Human Rights To The Rescue: How the EU Charter Could Save Brexit

Despite Theresa May’s assertion that the EU rights that we take for granted will continue post Brexit, the EU Withdrawal Bill which is currently floundering through Parliament removes meaningful access to all EU human rights protection. Most significantly, the EU Charter of Fundamental Rights will not become part of UK law.

The decision to cull the Charter makes no sense. But does it also reveal something about the motivation for leaving the EU? Is Brexit for May’s Tories about taking back control, immigration or independence? Or is it something much more sinister than that? Is it an attempt to deny rights?

Audaciously, the Government argues that the Charter does not create new rights, hence it can be done away with. Yet, the Charter pulls together all the rights that we can take for granted within the EU. That’s new. The Charter recognises as human rights issues that had not been formulated as rights before. That’s new too. The rights in the Charter lie at the centre of the European idea and they’re enforceable. That’s also new. The rights in the Charter trump all other EU law – something else about the Charter that is new. The Court of Justice of the EU has interpreted those rights to give citizens wider human rights protection, also new.

The Government also says that EU fundamental rights principles will continue to apply post Brexit and therefore that’s another reason why we don’t need the Charter. But what are those principles? To find out you have to look to the Charter. What’s more the Government has taken away the right to bring a case based on EU fundamental rights principles.

This is the Government’s fiction: apparently, EU principles apply, but their source, the EU Charter doesn’t and even if you can find out what those principles are, they can’t be enforced. The reality is post Brexit the Government proposes to airbrush out EU human rights protection.

By excluding the Charter the Government is dissembling when they claim that they are incorporating EU law into UK law, because, by removing it from the Withdrawal Bill, they have distorted EU law. The Charter is a critical element of all EU law.

If the Prime Minister took a different path and pledged the UK to the Charter post-Brexit, her assertions to Commission President, Jean-Claude Juncker, and the leaders of the 27 EU member states that she is committed to EU nationals living in the UK would sound less hollow. What harm is there in reassuring EU Nationals in the UK that they will keep their rights post-Brexit day because the UK stands by the Charter?
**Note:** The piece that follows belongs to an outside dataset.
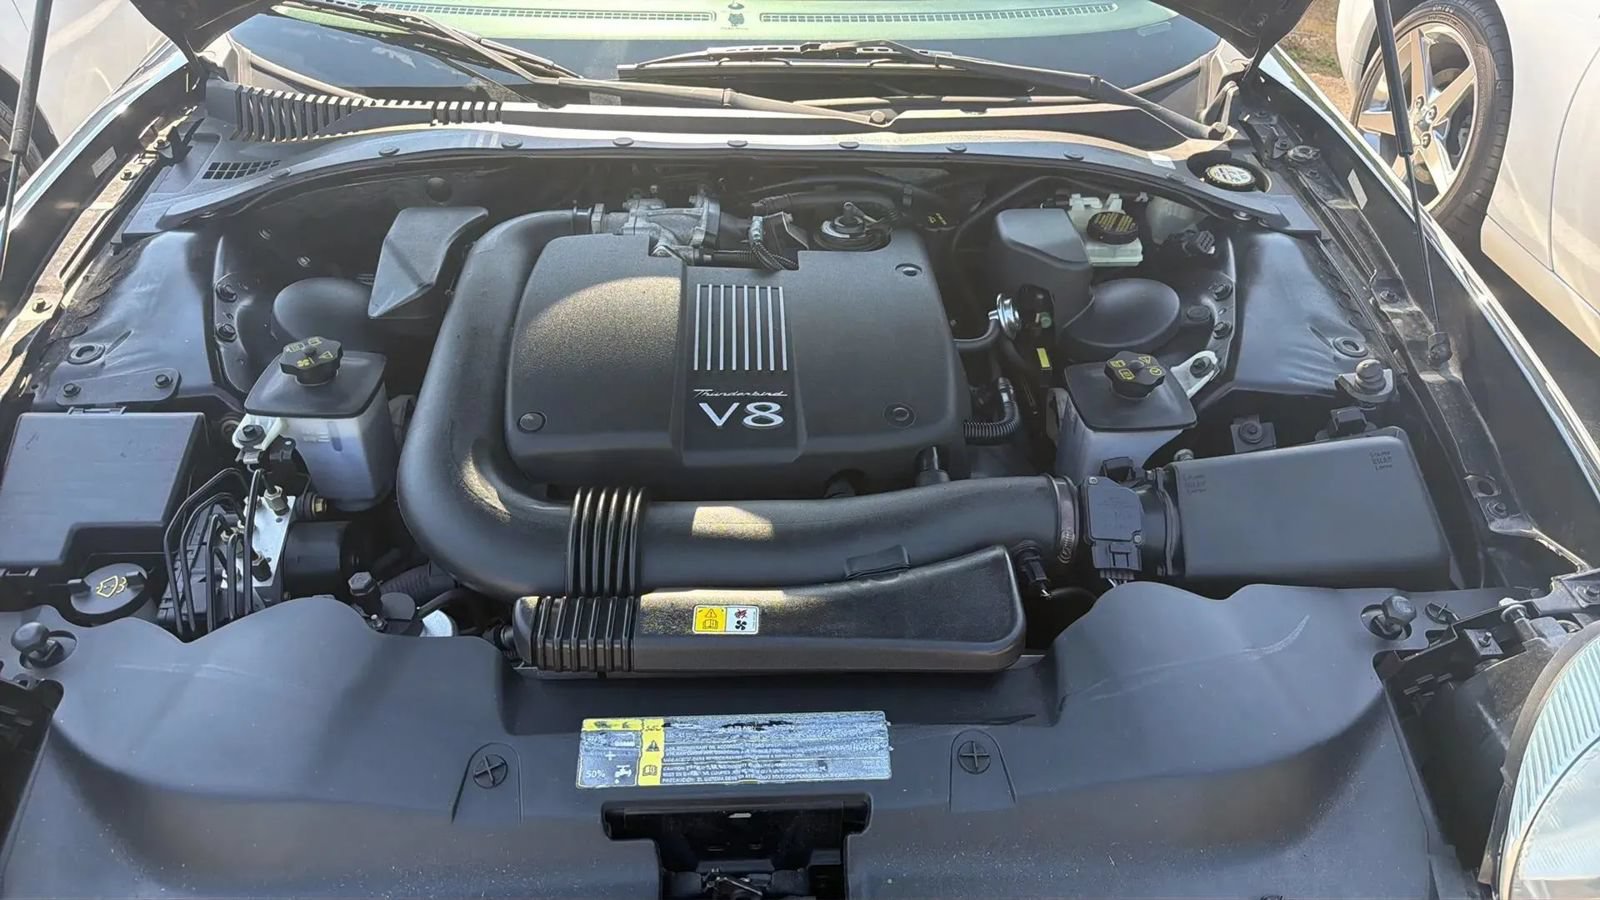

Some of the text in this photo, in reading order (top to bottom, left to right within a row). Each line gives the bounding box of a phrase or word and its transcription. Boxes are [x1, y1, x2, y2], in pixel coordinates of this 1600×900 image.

What is the EU Charter? The EU Charter is a comprehensive catalogue of human rights. It is far more extensive than the European Convention on Human Rights (which is nothing to do with the EU), embodying a 21st-century approach to rights protection. To single it out for non-inclusion in the post-Brexit arrangements feels like a snub to European values. Is that intentional?

The Charter only applies to the scope of the EU, but it adds real value. For example, it requires pluralism of the media. Who’s opposed to that? It expressly protects gay men and lesbians from discrimination. Children are granted comprehensive human rights protection. It guarantees a right to dignity. It articulates business as well as workers’ rights. It gives a right to good administration. It respects academic freedom. What’s wrong with rights to a high level of protection for the environment, the consumer and health?

It was the Charter that David Davis relied upon, when along with Tom Watson, he challenged the legality of the UK’s surveillance regime. The Charter has proven its worth in cases before the Court of Justice of the EU: from limits on tobacco companies’ free speech rights to human rights protection in the workplace, and from cartels to citizenship. We have all benefited from the comprehensive rights protection it contains. Most obviously the right to be forgotten – essential in the age of social media – was guaranteed by the Charter.

We don’t know what the fall out of Brexit will be. The Government claims that they want a seamless transition. But there will be unintended consequences. Shouldn’t those inadvertently detrimentally affected by Brexit have all the protection they can get? Retaining the Charter provides that protection.

Will we end up with lesser protections in relation to data collection and retention, equality, consumer rights and health and safety because UK courts will no longer interpret those laws in the light of the Charter? And in turn, this inconsistency must impact on future trade negotiations with the EU. If human rights are less protected in the UK than the EU can a deal be struck?

At the heart of the Charter is the guarantee of human dignity. By snubbing the Charter, Theresa May’s Government is forcing a battle over dignity. For Labour this is a red line, and it’s a fight May’s Tories cannot win other than through a Pyrrhic victory. If the Prime Minister is serious about bringing people together through the Brexit process she should recognise the value the Charter offers her, both in Westminster and Brussels.